If you are reading this, you already know about hassle of using T-Power barrels in location sound work. They are cumbersome and ill-fitting on the cart or in the bag. Those additional XLRs between mixer, jumpers, boompole and mic invite connection trouble and grounding issues. Accidentally connecting other mics to T-Power inputs invites disaster.
Consider retiring your T-power barrel adaptors and power supplies. We are looking at offering a tag-along service to convert those old T-power adaptors into attenuators…. perhaps very useful when interfacing with the Arri Amira, which has non-standard line level inputs. ( Gawd- not more barrels!)
If you don’t own a 416, now may be the time to scan ebay or your favorite vendors used equipment listings, as 416T’s can be found for very good prices.
By Pete Verrando
Here’s just a few reasons why I love G2/G3 for IFB/scratch track feeds over Lectro or Zaxcom IFB solutions:
– The mini plug input/output is highly compatible without need for custom cables. You can feed a scratch track to a Red Epic with a standard ipod cable. Transmitter Mic/line input selectable thru tip or ring on the cable. You can hook up to anything with a good set of adaptors. Have you sent audio to a Black Magic camera yet? Non-standard, strangely wired 1/4″ jack inputs, but no problem with a Senn and an ipod cable with a headphone adaptor.

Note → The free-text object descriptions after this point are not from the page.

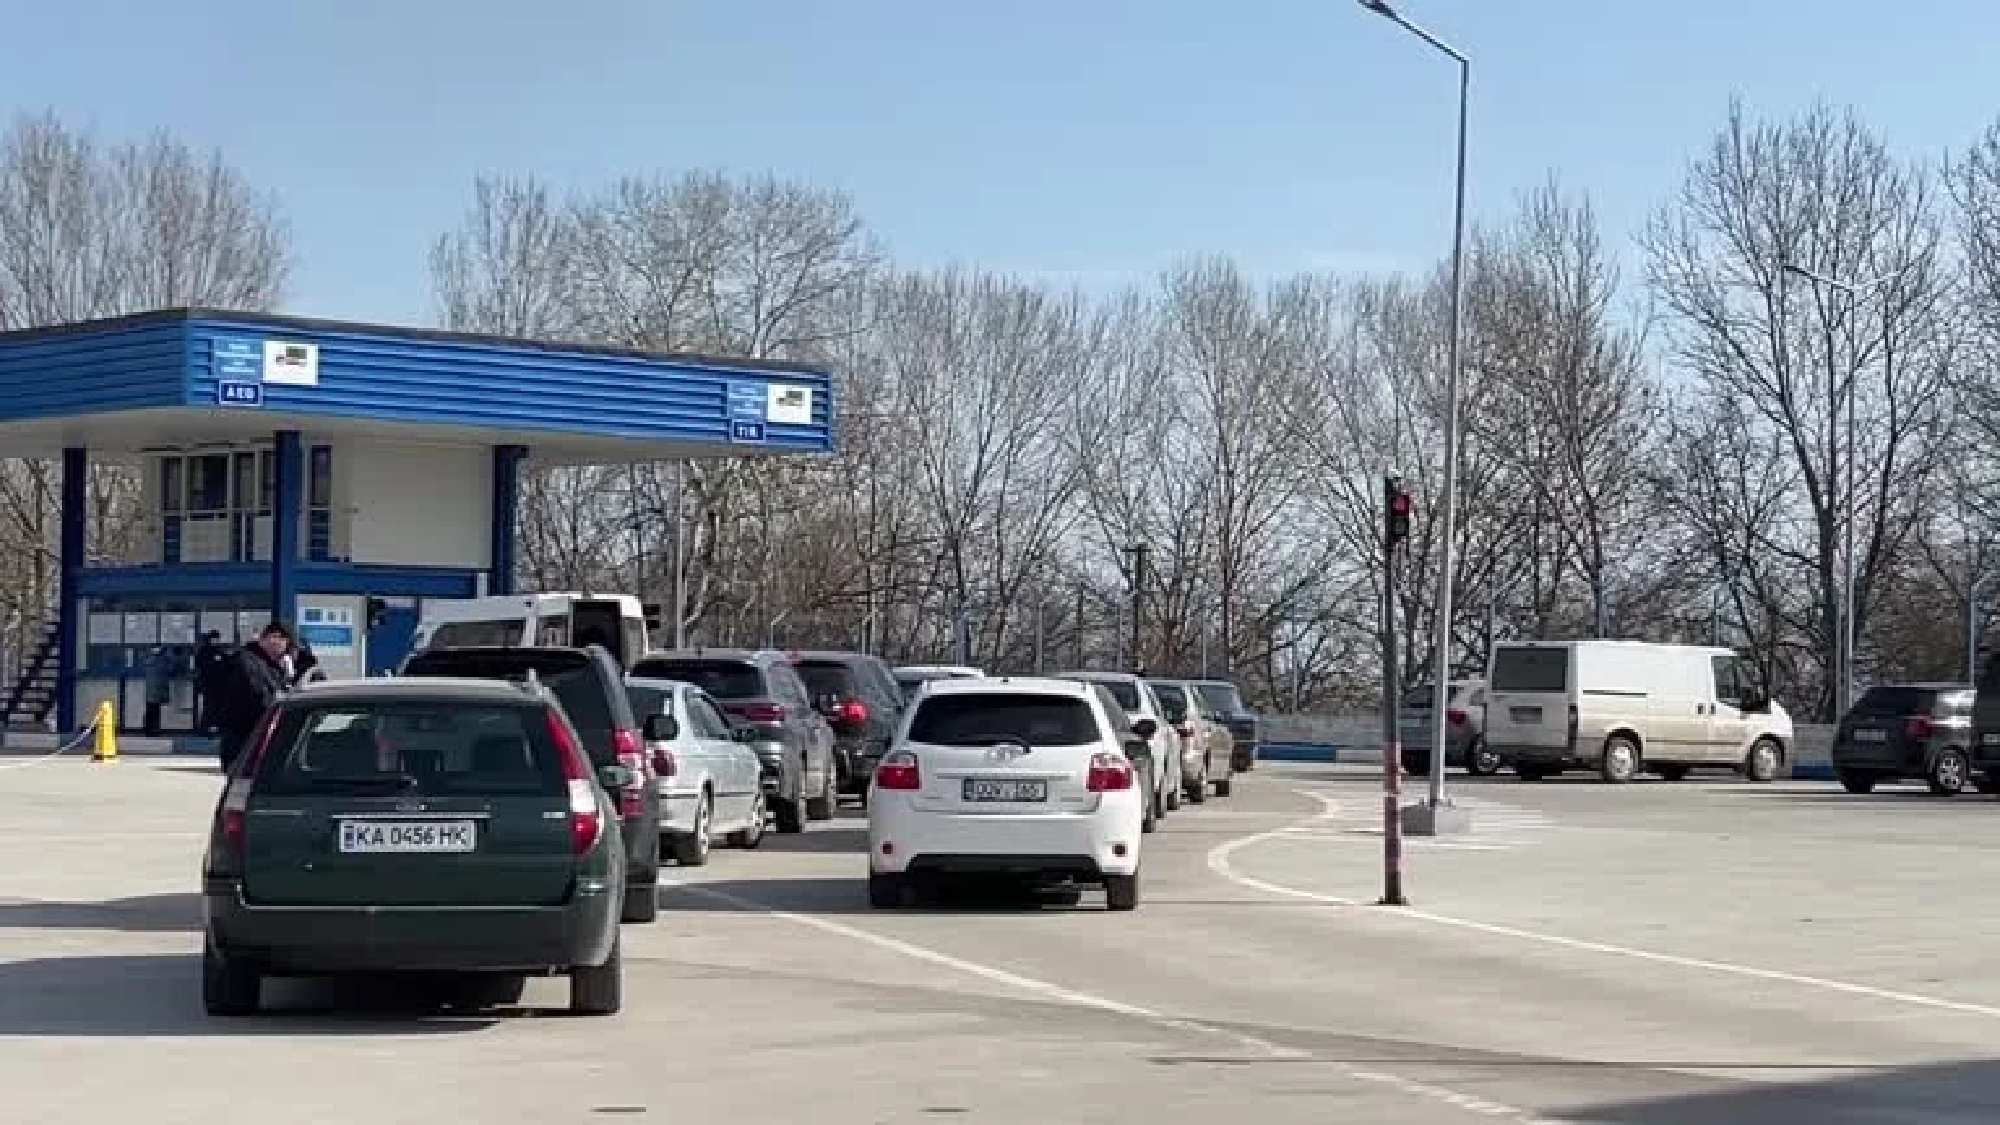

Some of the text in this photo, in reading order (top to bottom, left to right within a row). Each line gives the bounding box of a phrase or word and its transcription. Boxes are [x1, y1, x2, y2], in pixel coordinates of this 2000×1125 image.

[356, 827, 384, 845] KA
[390, 827, 436, 845] 0456
[439, 827, 468, 845] HK
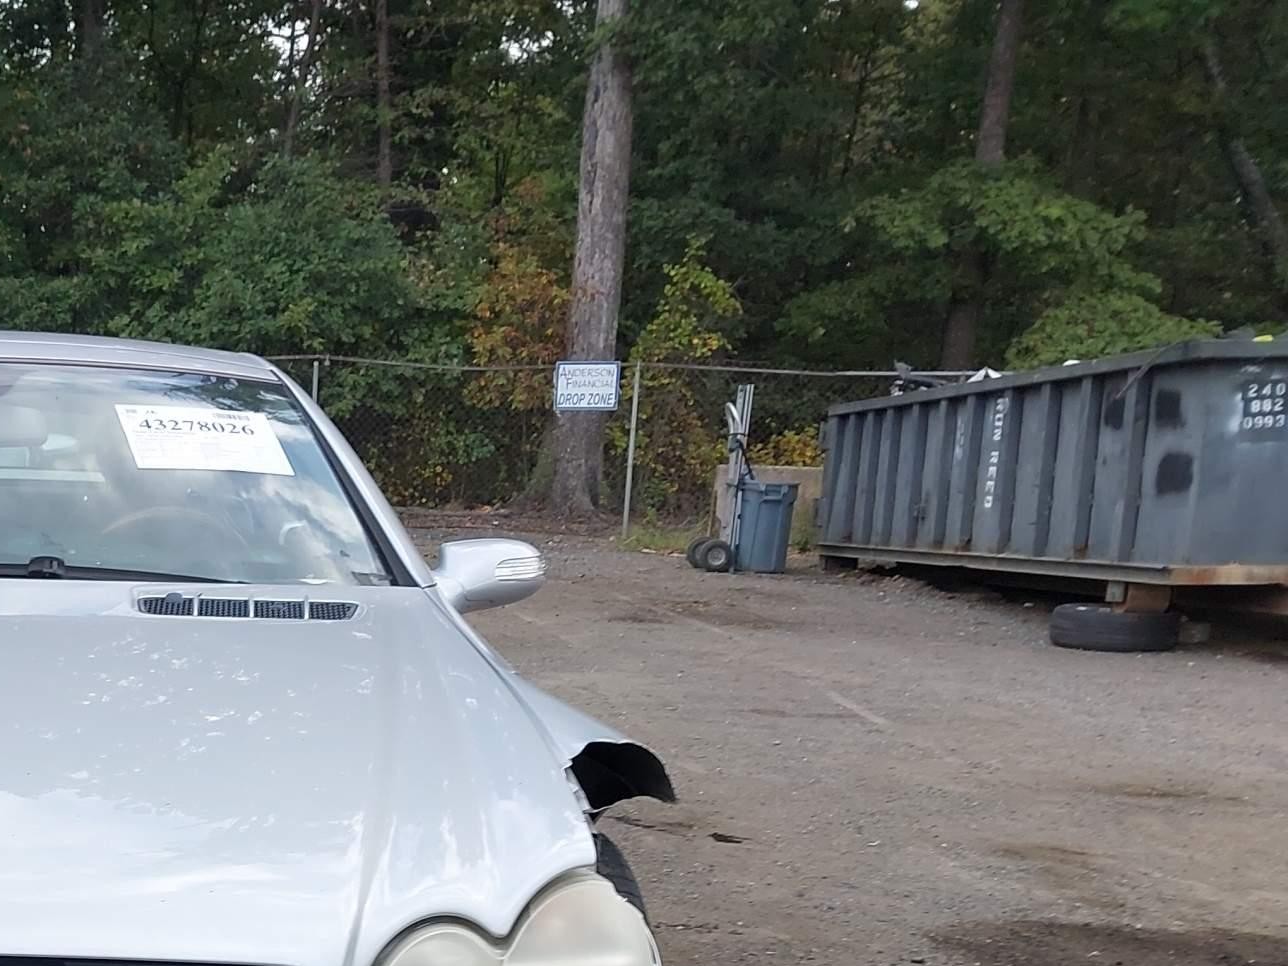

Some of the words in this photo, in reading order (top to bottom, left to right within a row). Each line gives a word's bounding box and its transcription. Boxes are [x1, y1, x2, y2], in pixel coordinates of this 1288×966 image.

[560, 366, 615, 377] ANDERSON
[566, 377, 615, 389] FINANCIAL
[1247, 383, 1286, 398] 240
[558, 393, 586, 406] DROP
[587, 393, 614, 406] ZONE
[139, 418, 255, 436] 43278026
[984, 451, 1000, 508] REED

– you can feed hops and Ifb with same transmitter. 1 less frequency to coordinate.
-Less weight and RF mess in a sound bag. I’d rather carry around a 2 ounce, 30mw G3, than a 1/2 pound, 250mw flamethrower like the Lectro T4.
– I purchased my first set for scratch track hops in 2005. I now have 6 transmitters, 4 plugs, 6 receivers and 15 IFB’s. All purchased on ebay, and on average, less than half of retail. (Many misguided soundies and one-off project users buy these, then dump ’em. )
I’ve yet to have one break. I’ve replaced many antennas at 5 bucks each, if you can solder well, you’re good.
– huge battery life. 3 days with a pair of lithium AA’s
-audio/rf metering on every unit
-Better range than lectro R1a or zax 2.4 gHz IFB units, owing to external whip antennas
-transmitter won’t RF swamp a sound bag
-some venues now restricting 2.4 gHz devices as they compete with wifi (Zaxcom IFB)
-super wide input/output audio level settings. It’s easier to set the level on the Senn than dig around on the cryptic Red Epic’s audio screen. So why bother?
-instinctively intuitive to use. Big, understandable, backlit display
-great for feeding video assist, pa systems, or pulling feeds from PA or press feeds
–velcro them together for 2 channels, and they are still a very small receiver pkg.
-They’re Great crash wireless for talent- (about the only time I’ll put one on a talent).
-30 mw is low for transmitter power, but as an IFB, the pack is not against somebody’s body.
Instead, it is out in free space on your cart or bag. So no RF absorption from a sweaty cast member’s body.
I’ve have found that the Lectro IFBs are better if your crew needs to change receiver channels frequently to listen to different sound units. WIth Lectro R1a’s, They just push the volume button to cycle thru programmed channels, without needing to look at it. (Don’t know if the ERX can do this).
-Senn’s butt-plug transmitters are also cheap and great for a quickn’dirty wireless handheld for PA or voice-of-god mic for AD’s
On a recent commercial, with one Senny transmitter, I fed scratchtrack to two Alexas, video assist, client-lounge PA speaker and 15 IFB’s. Excellent range, kinda nice.
-iem headphone amp VERY loud. Even the regular receivers can drive a headphone at +6
-easy to coordinate freqs with internal pre-selects/rf metering, or use the freq finder app.
IEMs and beltpack receivers will also receive acceptable audio sent from more powerful lectro IFB transmitters.
-I could go on. I’ve got buckets of these things.
But I never will use them as frontline talent wireless. They breakup a little at high audio frequencies (sibilant sounds) unless you stay well within the headroom, like half-level.